If death isn’t the opposite of life, but a part of life, then why are we so afraid of death ? If life and death is an illusion because we’re all in a constant state of transformation, then why does death feel so final ? If death is the only 100% certainty in life, then why don’t we fully embrace and accept death for what it is ?

Hmmmmm πŸ€” she ponders

I’m not a religious woman, but I am a spiritual BEing and my FAITH is strong. Faith that’s often tested when I confront my own fears, but I no longer fight it. I dive in deeper and disect my fears, to determine what the fuckers are feeding on. Because I don’t want fear to limit me, I want LOVE to motivate all of my choices

As an Aged Care nurse, I have an acceptance of death, but I still fear loosing those I love.

Hmmmmm πŸ€” she ponders

There’s no escaping death at the moment because it dances around Dad every day, tormenting us with it’s presence. I go to work and see death lingering in the shadows, waiting for it’s next soul to deliver. So, it’s no surprise that death also finds me in my dreams. The details of my dreamings are irrelevant, but the message is always clear.

It’s not death we fear, its the changes that loss brings.

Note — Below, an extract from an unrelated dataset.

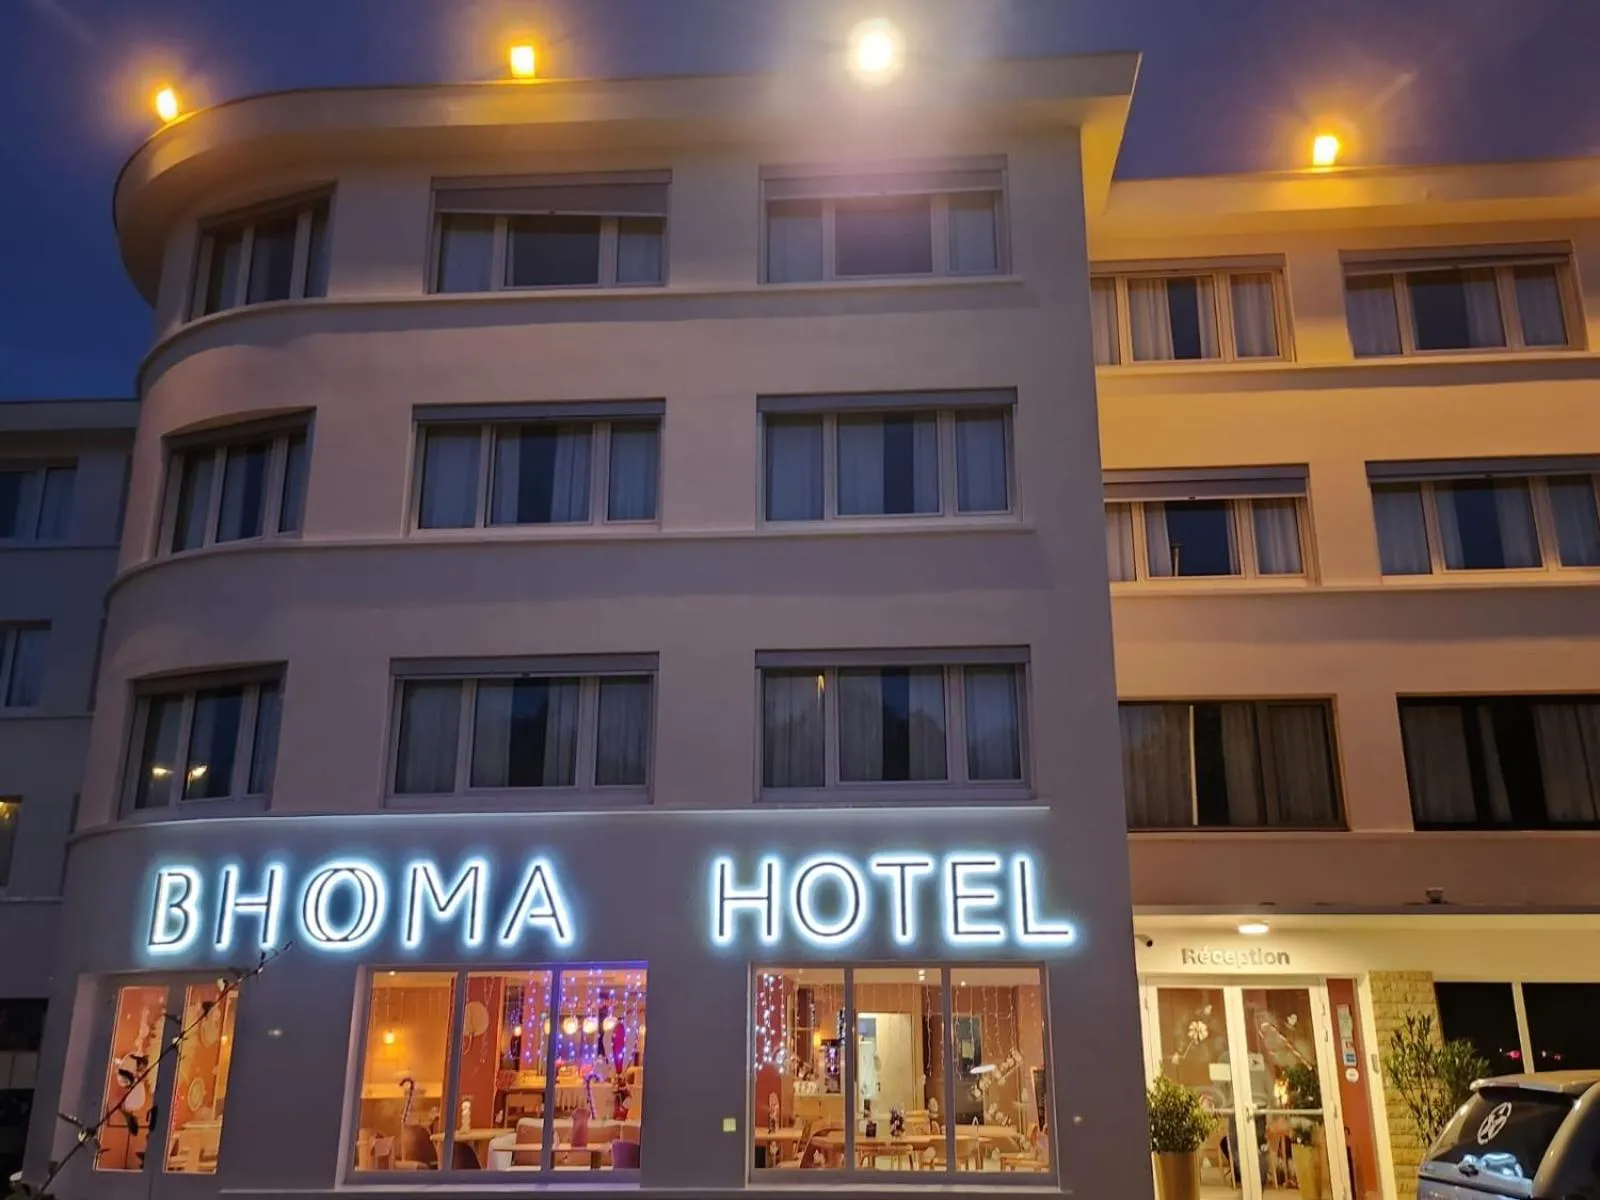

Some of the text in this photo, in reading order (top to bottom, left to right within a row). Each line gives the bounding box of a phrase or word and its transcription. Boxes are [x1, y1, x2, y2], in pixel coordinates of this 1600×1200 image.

[146, 856, 1073, 950] BHOMA HOTEL
[1181, 945, 1291, 968] Réception

Loss forces us to confront our greatest fears and takes us to the depths of our despair. Although I accept death, I struggle with loss because my greatest fear is that death is final. So I dig a little deeper and these questions come to mind.

What if death IS the end ?
What if there is no light ?
What if we’re comsumed by darkness ?
What if we fail to exist anymore ?

Arrggghhhhh !!!!

Existential crisis in progress …

Who the fuck am I anyways ?
What’s the point of all this seeking ?
Why bother if there is no spirit ?
WTF does Universe want from me ?

I sat with these deeper questions in contemplation. Observing the thoughts flowing in and out of my mind, allowing the emotions to rise and fall, feeling the inner tensions within my body.
Until my mind was silent and my heart calm, then the insights began to flow.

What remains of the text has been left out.